> **HOW TO COMPLETE THIS TASK**:
Pictures aside, copy every record word for word.

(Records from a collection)

[Start of section]

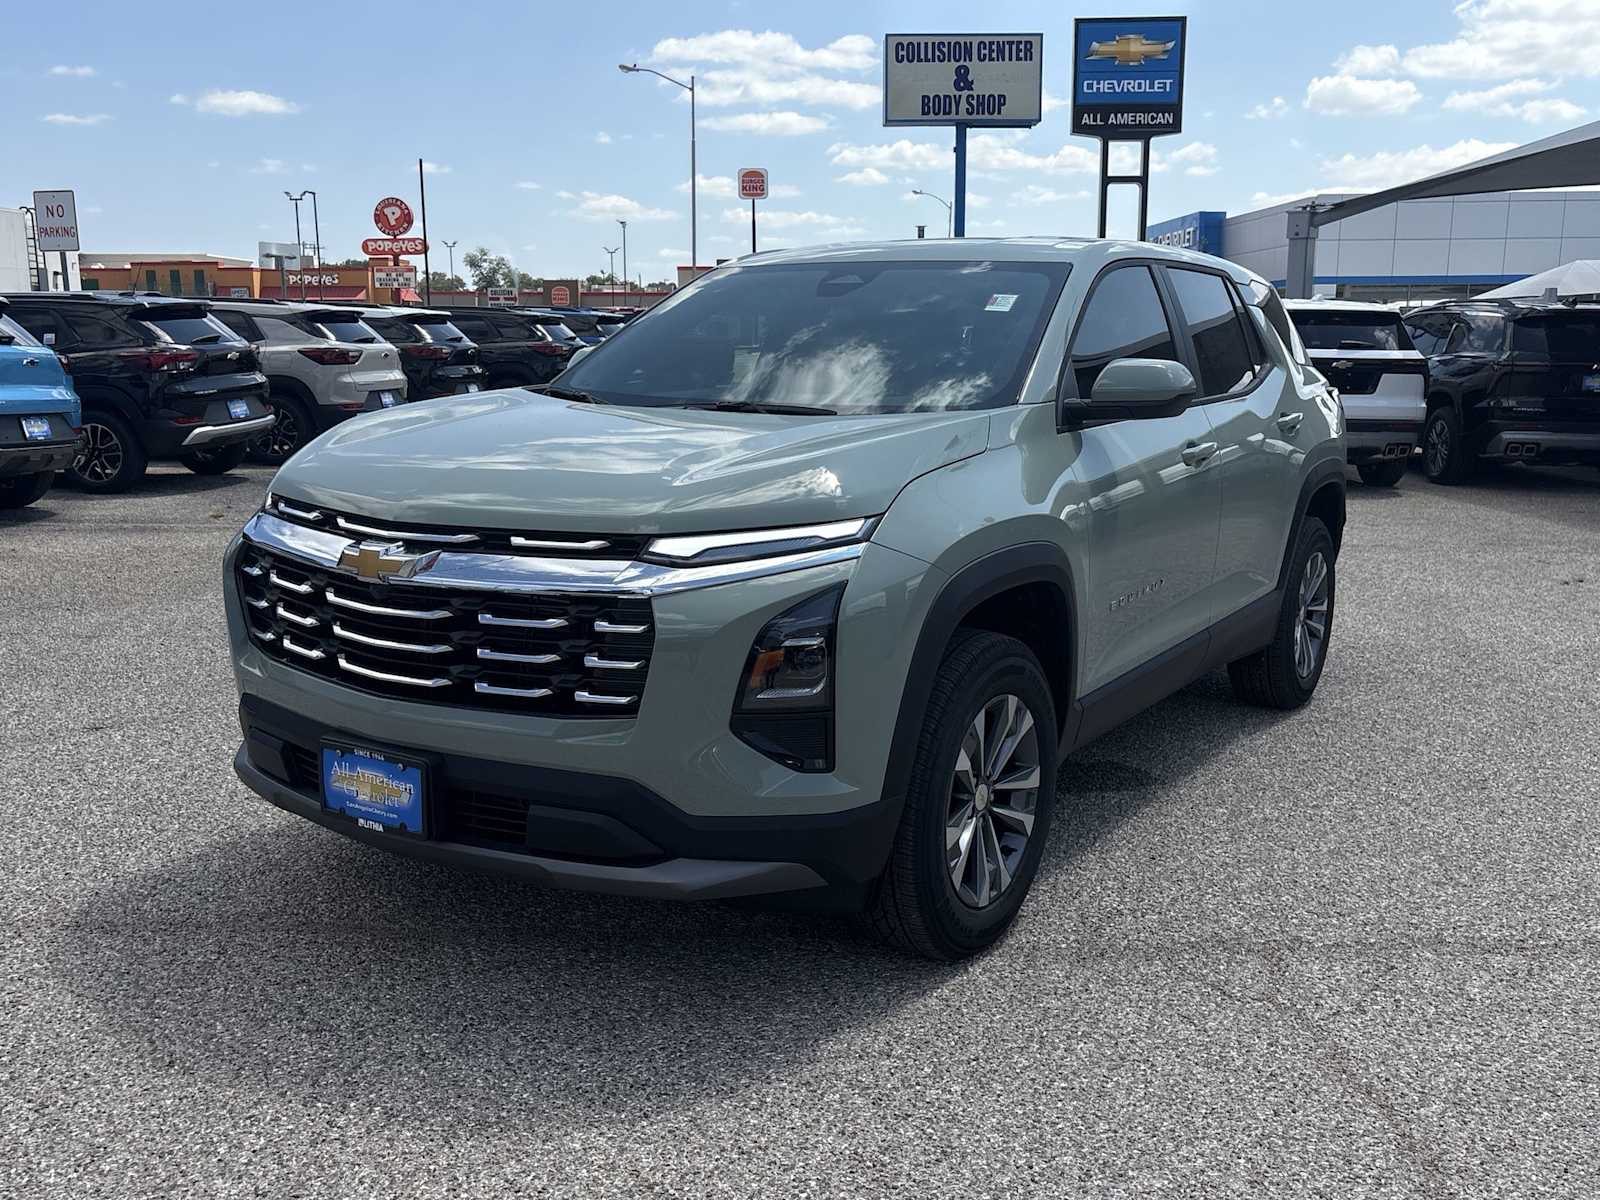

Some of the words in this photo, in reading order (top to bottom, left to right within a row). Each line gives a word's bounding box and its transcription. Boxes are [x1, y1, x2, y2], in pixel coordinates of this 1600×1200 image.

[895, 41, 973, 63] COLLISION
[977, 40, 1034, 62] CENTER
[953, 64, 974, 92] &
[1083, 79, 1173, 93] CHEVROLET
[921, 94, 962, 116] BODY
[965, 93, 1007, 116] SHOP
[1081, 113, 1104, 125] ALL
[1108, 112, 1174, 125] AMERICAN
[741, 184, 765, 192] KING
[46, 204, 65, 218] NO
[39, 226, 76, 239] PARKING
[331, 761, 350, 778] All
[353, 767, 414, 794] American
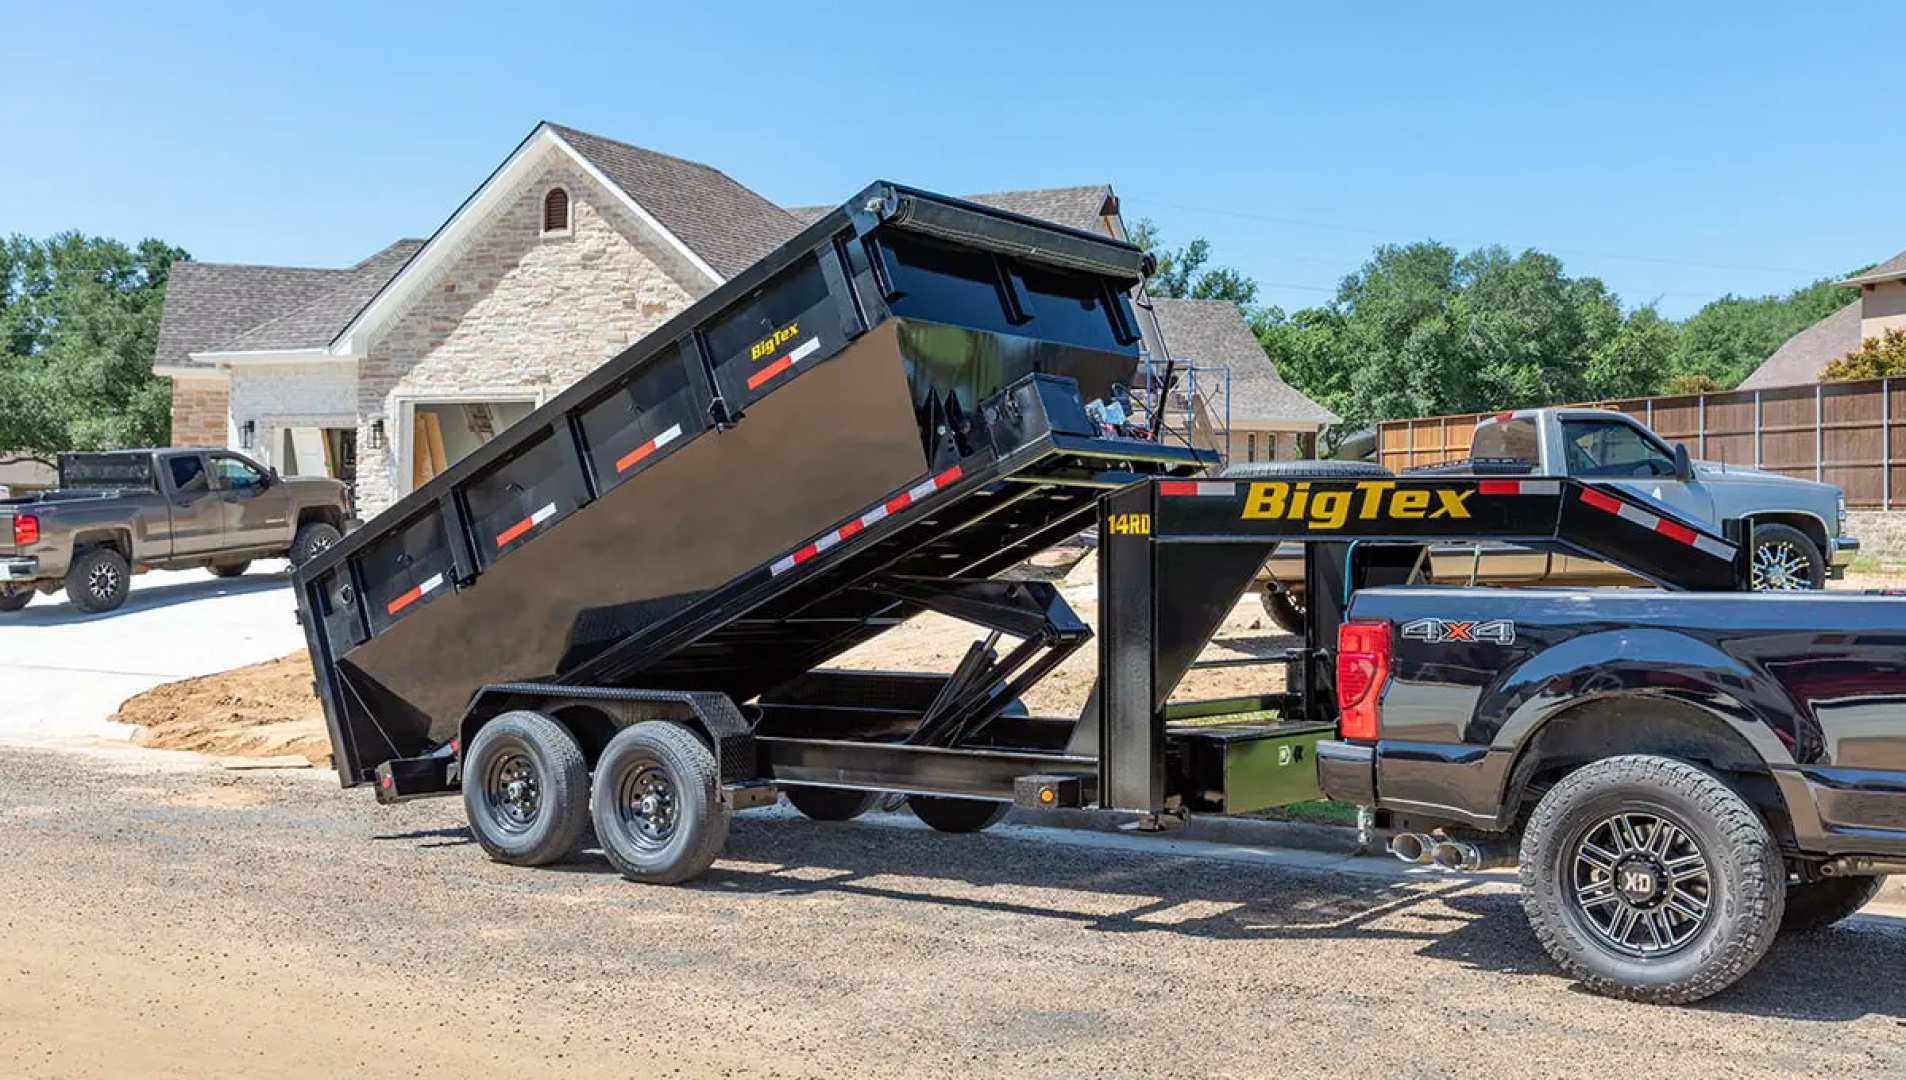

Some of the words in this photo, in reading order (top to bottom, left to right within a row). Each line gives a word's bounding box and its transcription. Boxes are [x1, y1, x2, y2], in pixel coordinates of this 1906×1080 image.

[End of section]

> **FINISHED EXERCISE**:
Some of the words in this photo, in reading order (top to bottom, left to right within a row). Each line gives a word's bounding box and its transcription. Boxes are [x1, y1, x2, y2], in pixel coordinates of this 1600×1200 image.

[895, 41, 973, 63] COLLISION
[977, 40, 1034, 62] CENTER
[953, 64, 974, 92] &
[1083, 79, 1173, 93] CHEVROLET
[921, 94, 962, 116] BODY
[965, 93, 1007, 116] SHOP
[1081, 113, 1104, 125] ALL
[1108, 112, 1174, 125] AMERICAN
[741, 184, 765, 192] KING
[46, 204, 65, 218] NO
[39, 226, 76, 239] PARKING
[331, 761, 350, 778] All
[353, 767, 414, 794] American

Some of the words in this photo, in reading order (top to bottom, left to right within a row). Each line gives a word's bounding box and its transcription. Boxes are [x1, y1, x2, y2], in pixel coordinates of this 1906×1080 image.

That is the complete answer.